§ **Problem description**
Pictures aside, repeat the whole listing word for word.

§ **Records supplied**
**********

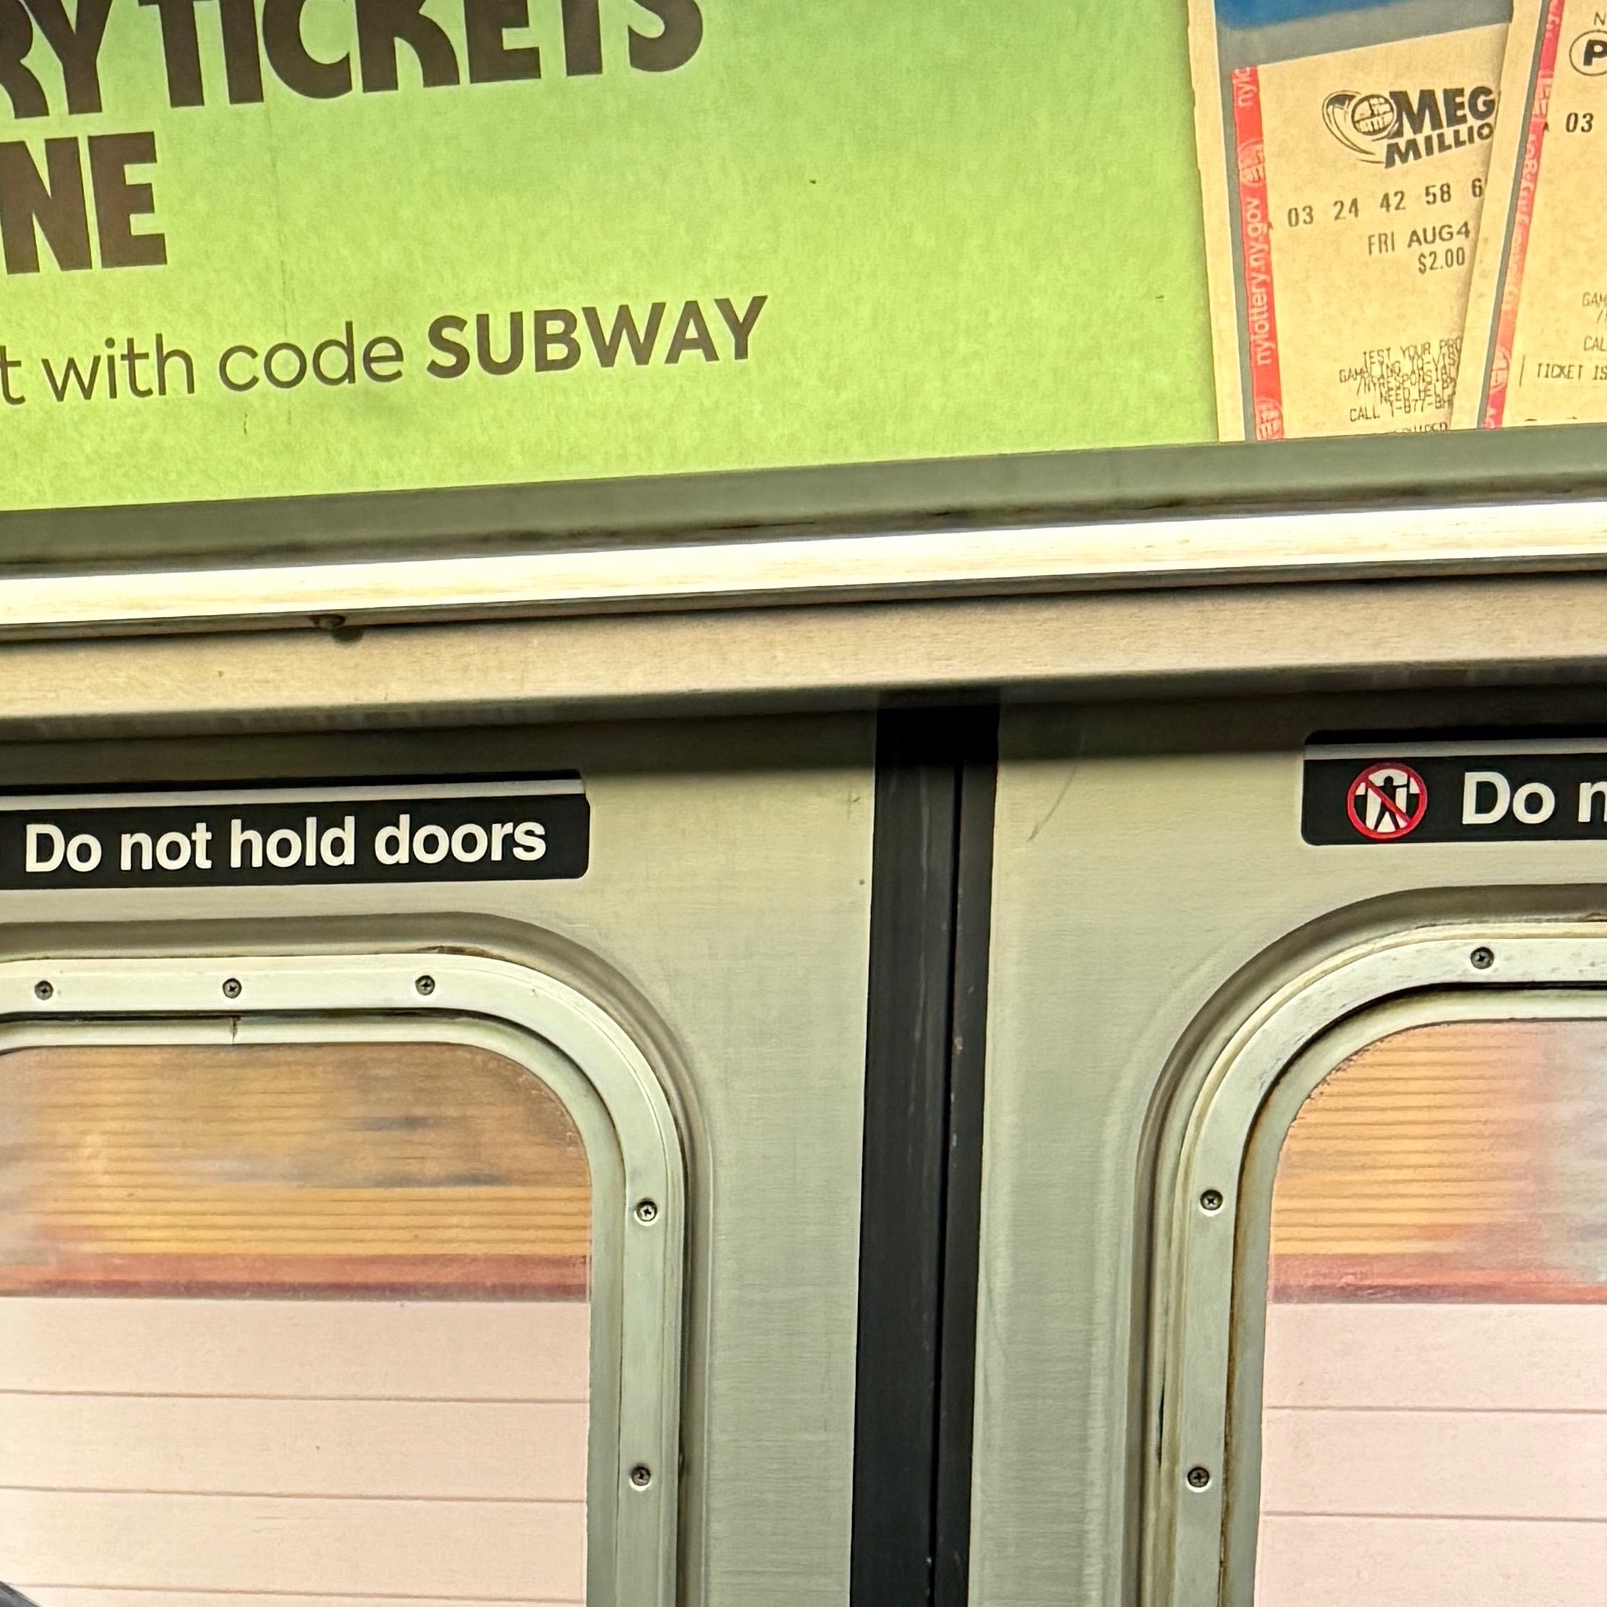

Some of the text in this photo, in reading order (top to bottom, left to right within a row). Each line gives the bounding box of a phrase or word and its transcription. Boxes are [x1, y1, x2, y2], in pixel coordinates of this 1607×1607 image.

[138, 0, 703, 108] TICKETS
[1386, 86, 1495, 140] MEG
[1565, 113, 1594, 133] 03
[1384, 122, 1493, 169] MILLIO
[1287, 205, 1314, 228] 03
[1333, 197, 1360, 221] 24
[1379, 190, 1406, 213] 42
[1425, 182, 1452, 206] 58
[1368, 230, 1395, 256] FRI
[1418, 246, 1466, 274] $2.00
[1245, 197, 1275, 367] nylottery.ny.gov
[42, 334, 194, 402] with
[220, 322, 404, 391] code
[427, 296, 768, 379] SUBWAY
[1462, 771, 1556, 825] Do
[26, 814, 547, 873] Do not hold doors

**********

§ **Solution to the exercise**
Some of the text in this photo, in reading order (top to bottom, left to right within a row). Each line gives the bounding box of a phrase or word and its transcription. Boxes are [x1, y1, x2, y2], in pixel coordinates of this 1607×1607 image.

[138, 0, 703, 108] TICKETS
[1386, 86, 1495, 140] MEG
[1565, 113, 1594, 133] 03
[1384, 122, 1493, 169] MILLIO
[1287, 205, 1314, 228] 03
[1333, 197, 1360, 221] 24
[1379, 190, 1406, 213] 42
[1425, 182, 1452, 206] 58
[1368, 230, 1395, 256] FRI
[1418, 246, 1466, 274] $2.00
[1245, 197, 1275, 367] nylottery.ny.gov
[42, 334, 194, 402] with
[220, 322, 404, 391] code
[427, 296, 768, 379] SUBWAY
[1462, 771, 1556, 825] Do
[26, 814, 547, 873] Do not hold doors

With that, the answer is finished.